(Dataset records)
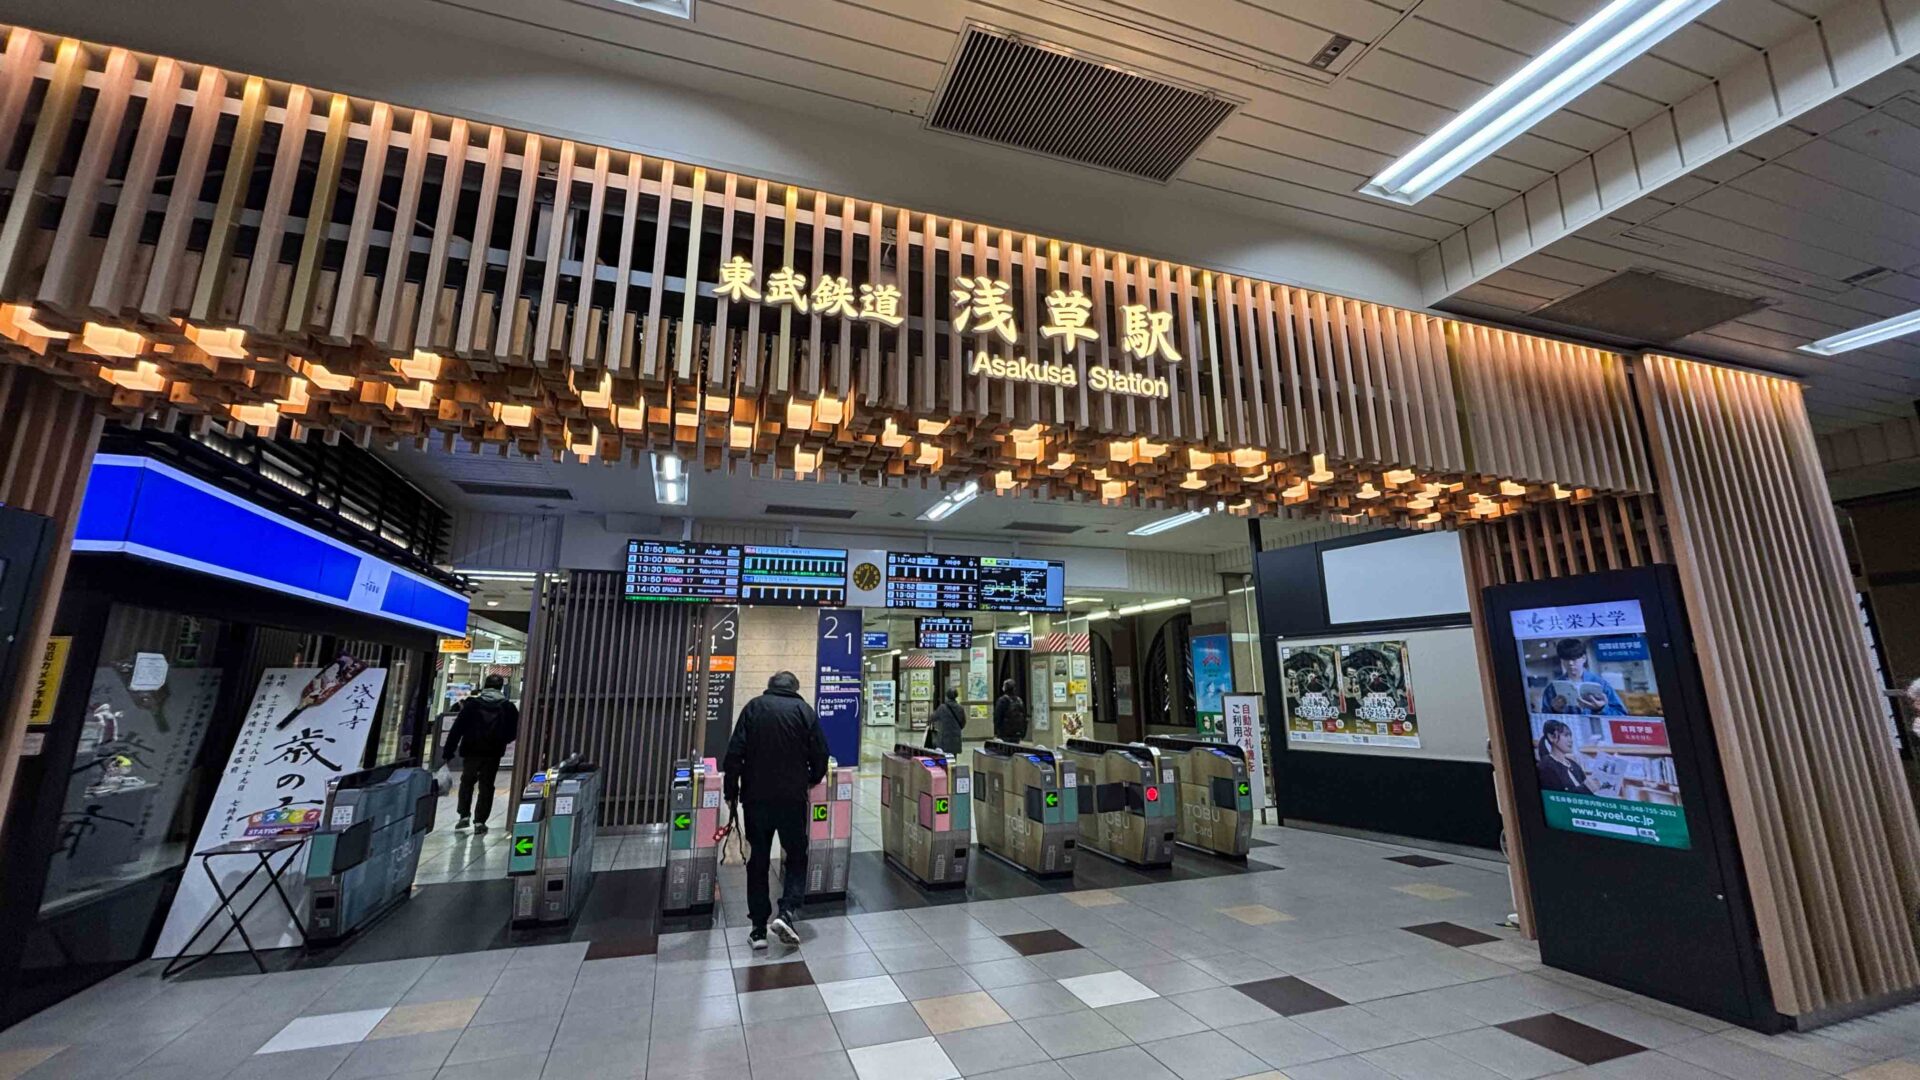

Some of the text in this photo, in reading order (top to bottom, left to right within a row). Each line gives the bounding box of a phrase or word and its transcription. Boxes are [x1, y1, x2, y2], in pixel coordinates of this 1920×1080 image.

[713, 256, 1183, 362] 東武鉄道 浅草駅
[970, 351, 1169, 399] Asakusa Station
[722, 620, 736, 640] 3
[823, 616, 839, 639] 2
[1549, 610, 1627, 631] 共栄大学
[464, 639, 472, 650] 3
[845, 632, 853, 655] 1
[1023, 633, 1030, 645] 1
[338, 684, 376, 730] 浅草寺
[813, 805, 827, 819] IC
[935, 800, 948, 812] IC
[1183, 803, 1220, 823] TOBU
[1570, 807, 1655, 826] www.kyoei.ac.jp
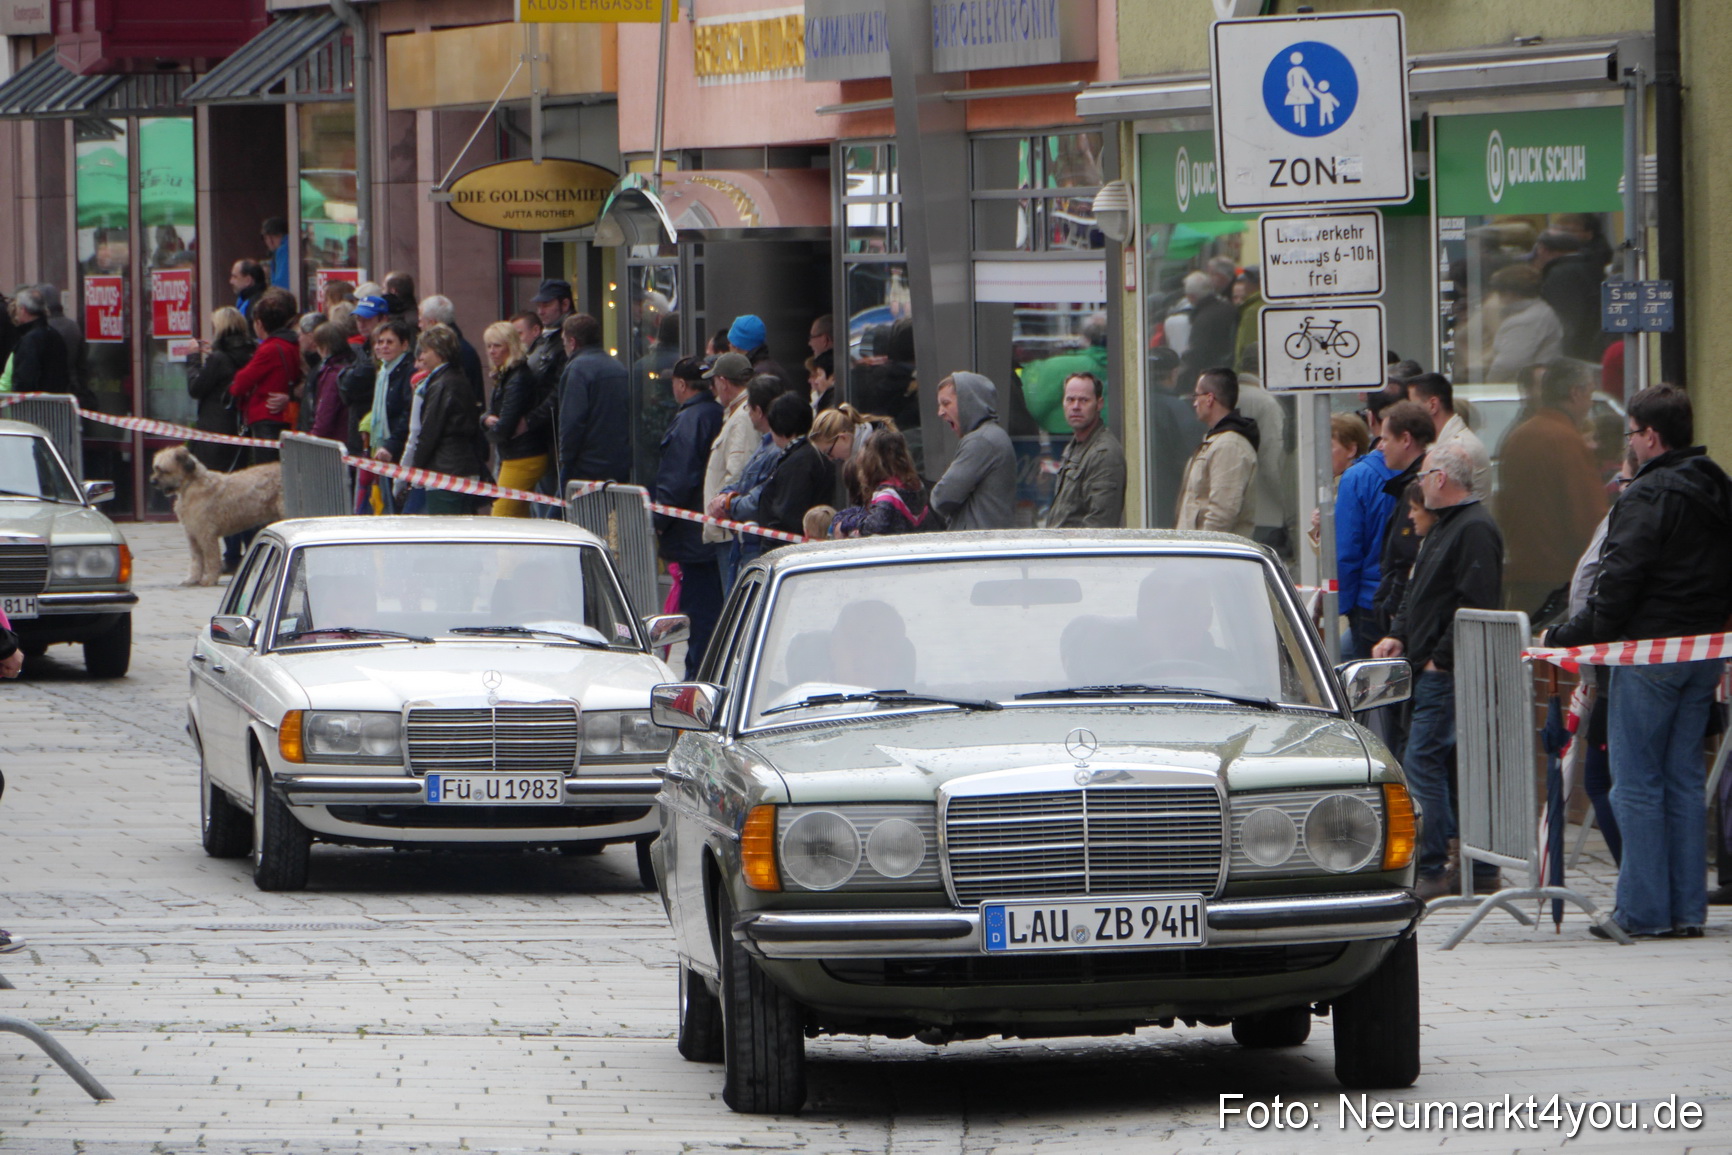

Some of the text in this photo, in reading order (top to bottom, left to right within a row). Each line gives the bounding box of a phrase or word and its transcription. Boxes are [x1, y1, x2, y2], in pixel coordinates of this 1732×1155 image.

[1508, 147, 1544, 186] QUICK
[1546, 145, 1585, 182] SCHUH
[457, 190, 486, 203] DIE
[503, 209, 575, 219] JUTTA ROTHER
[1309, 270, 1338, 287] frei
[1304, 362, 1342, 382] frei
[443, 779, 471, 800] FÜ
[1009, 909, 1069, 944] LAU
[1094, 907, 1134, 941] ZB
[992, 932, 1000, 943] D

* **Problem to solve**
Every line from the one that has "this 1732×1155 image." down to the last line above must be written out exactly, with both ends included and nothing else.

* **Your response**
Some of the text in this photo, in reading order (top to bottom, left to right within a row). Each line gives the bounding box of a phrase or word and its transcription. Boxes are [x1, y1, x2, y2], in pixel coordinates of this 1732×1155 image.

[1508, 147, 1544, 186] QUICK
[1546, 145, 1585, 182] SCHUH
[457, 190, 486, 203] DIE
[503, 209, 575, 219] JUTTA ROTHER
[1309, 270, 1338, 287] frei
[1304, 362, 1342, 382] frei
[443, 779, 471, 800] FÜ
[1009, 909, 1069, 944] LAU
[1094, 907, 1134, 941] ZB
[992, 932, 1000, 943] D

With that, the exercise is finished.